TASK:
Every line below is to be copied exactly, with the pictures left out.
===== DATA SHOWN
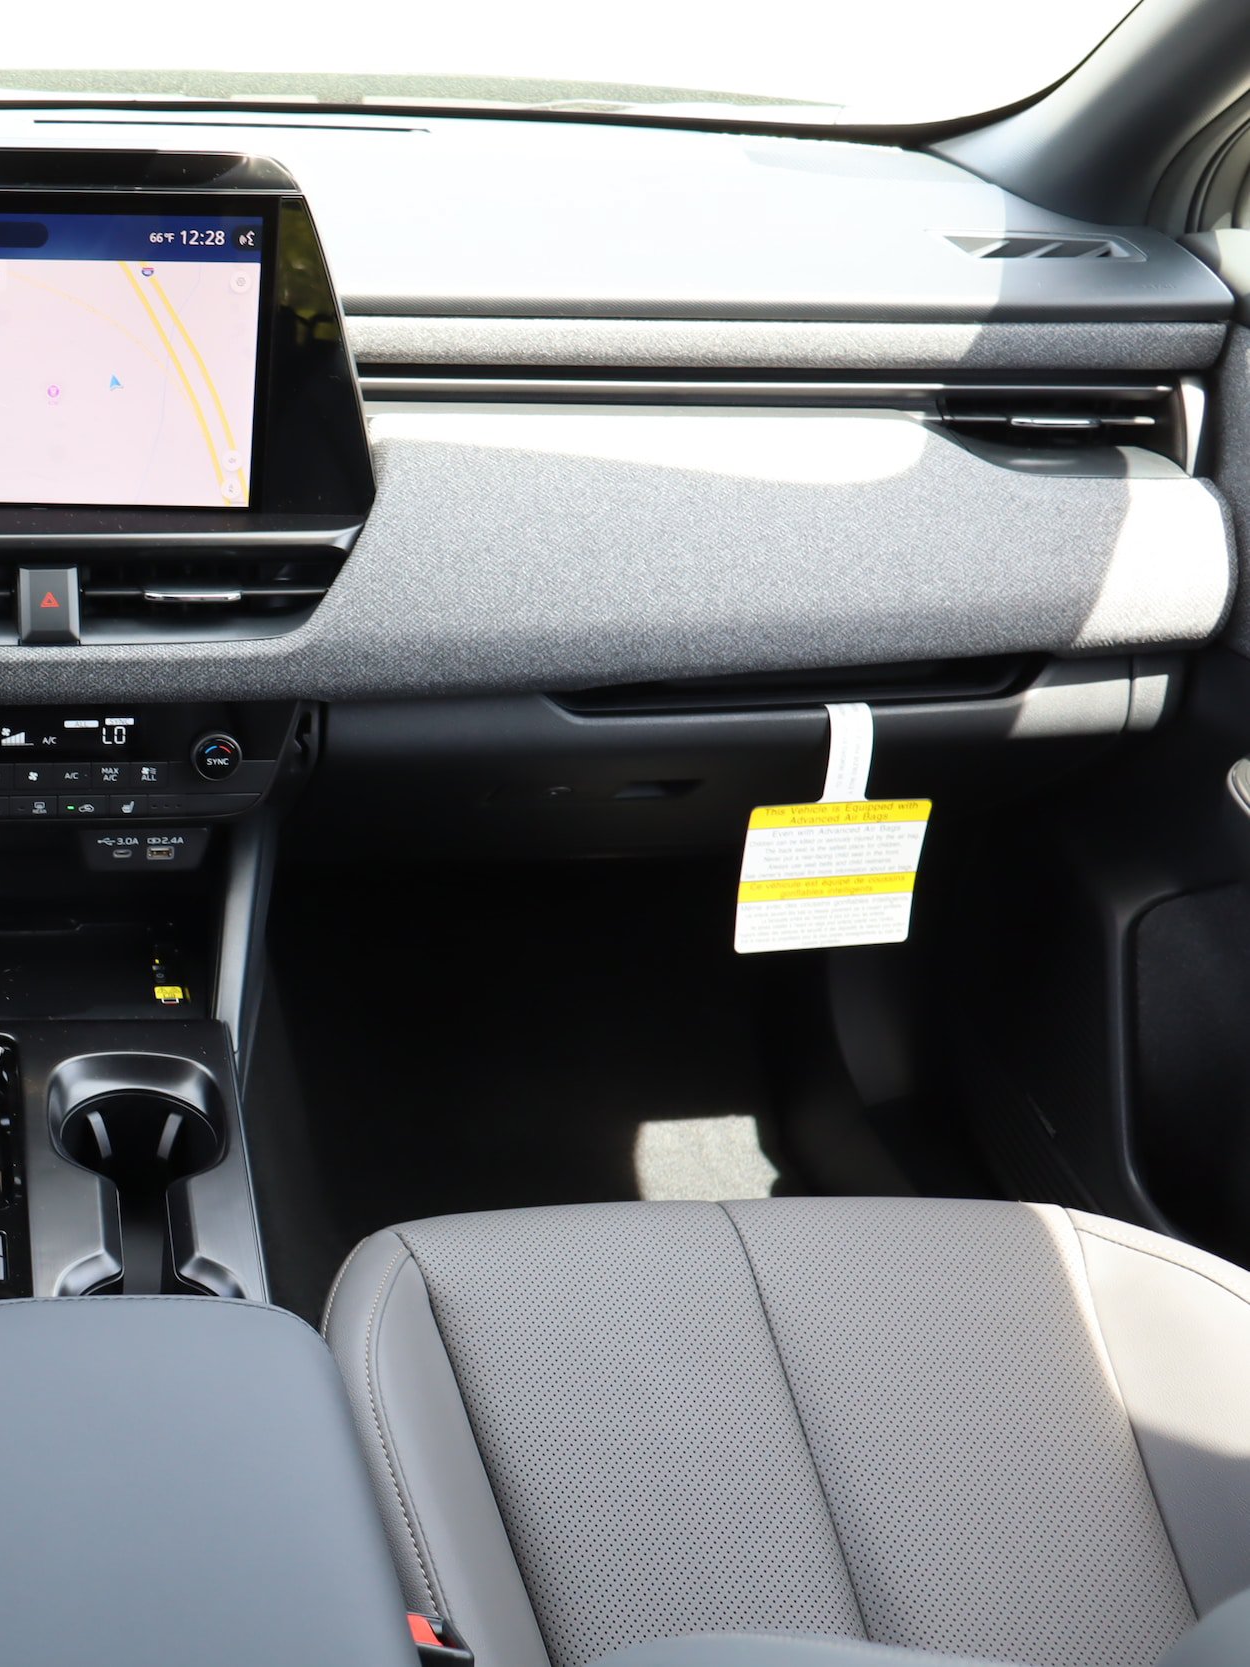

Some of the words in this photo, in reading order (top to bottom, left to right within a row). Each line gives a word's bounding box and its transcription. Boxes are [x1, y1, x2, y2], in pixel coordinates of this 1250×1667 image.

[149, 232, 175, 244] 66°F
[180, 230, 226, 246] 12:28
[102, 726, 126, 745] LO
[42, 736, 58, 745] A/C
[206, 757, 230, 766] SYNC
[101, 767, 119, 775] MAX
[64, 772, 79, 780] A/C
[103, 774, 118, 782] A/C
[141, 774, 157, 782] ALL
[765, 808, 786, 816] This
[791, 805, 828, 815] Vehicle
[832, 805, 840, 813] is
[845, 802, 894, 813] Equipped
[898, 801, 919, 810] with
[790, 814, 840, 824] Advanced
[844, 813, 859, 821] Air
[863, 812, 888, 823] Bags
[818, 825, 861, 835] Advanced
[116, 837, 139, 845] 3.0A
[161, 836, 184, 845] 2.4A
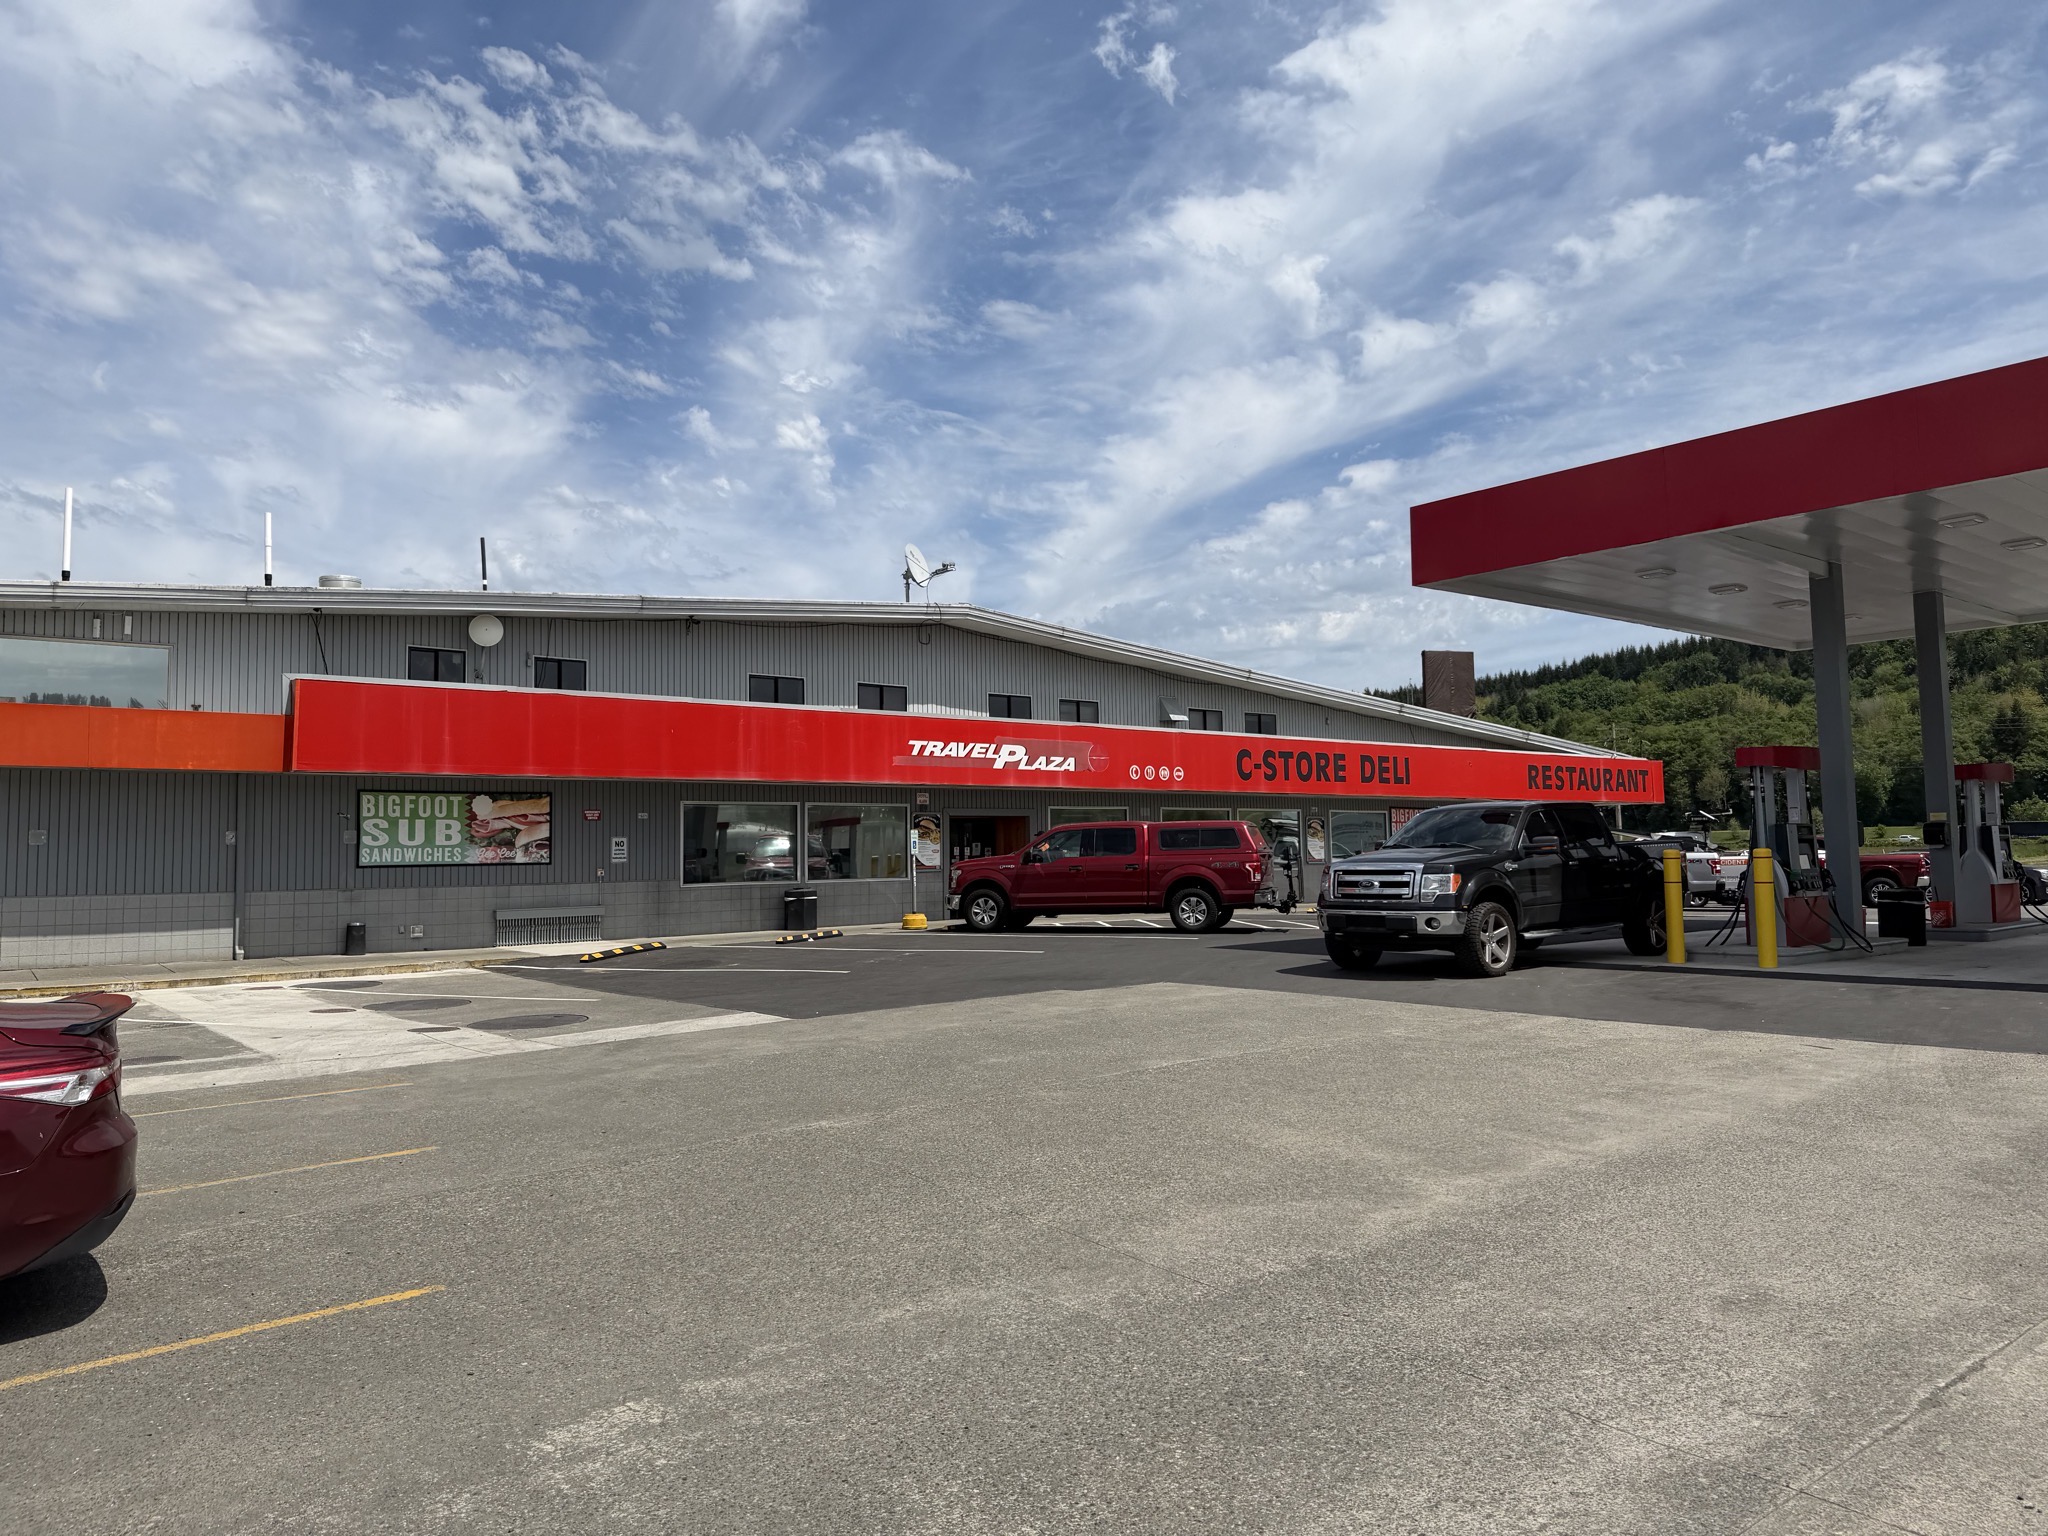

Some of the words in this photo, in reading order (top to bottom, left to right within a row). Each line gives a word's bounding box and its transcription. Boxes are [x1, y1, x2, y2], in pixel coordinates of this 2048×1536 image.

[908, 740, 1001, 758] TRAVEL
[993, 744, 1076, 772] PLAZA
[1236, 748, 1347, 782] C-STORE
[1360, 754, 1411, 785] DELI
[1527, 764, 1649, 793] RESTAURANT
[362, 794, 463, 818] BIGFOOT
[362, 818, 462, 846] SUB
[614, 840, 625, 848] NO
[361, 847, 462, 863] SANDWICHES
==========
FINISHED TASK:
Some of the words in this photo, in reading order (top to bottom, left to right within a row). Each line gives a word's bounding box and its transcription. Boxes are [x1, y1, x2, y2], in pixel coordinates of this 1250×1667 image.

[149, 232, 175, 244] 66°F
[180, 230, 226, 246] 12:28
[102, 726, 126, 745] LO
[42, 736, 58, 745] A/C
[206, 757, 230, 766] SYNC
[101, 767, 119, 775] MAX
[64, 772, 79, 780] A/C
[103, 774, 118, 782] A/C
[141, 774, 157, 782] ALL
[765, 808, 786, 816] This
[791, 805, 828, 815] Vehicle
[832, 805, 840, 813] is
[845, 802, 894, 813] Equipped
[898, 801, 919, 810] with
[790, 814, 840, 824] Advanced
[844, 813, 859, 821] Air
[863, 812, 888, 823] Bags
[818, 825, 861, 835] Advanced
[116, 837, 139, 845] 3.0A
[161, 836, 184, 845] 2.4A

Some of the words in this photo, in reading order (top to bottom, left to right within a row). Each line gives a word's bounding box and its transcription. Boxes are [x1, y1, x2, y2], in pixel coordinates of this 2048×1536 image.

[908, 740, 1001, 758] TRAVEL
[993, 744, 1076, 772] PLAZA
[1236, 748, 1347, 782] C-STORE
[1360, 754, 1411, 785] DELI
[1527, 764, 1649, 793] RESTAURANT
[362, 794, 463, 818] BIGFOOT
[362, 818, 462, 846] SUB
[614, 840, 625, 848] NO
[361, 847, 462, 863] SANDWICHES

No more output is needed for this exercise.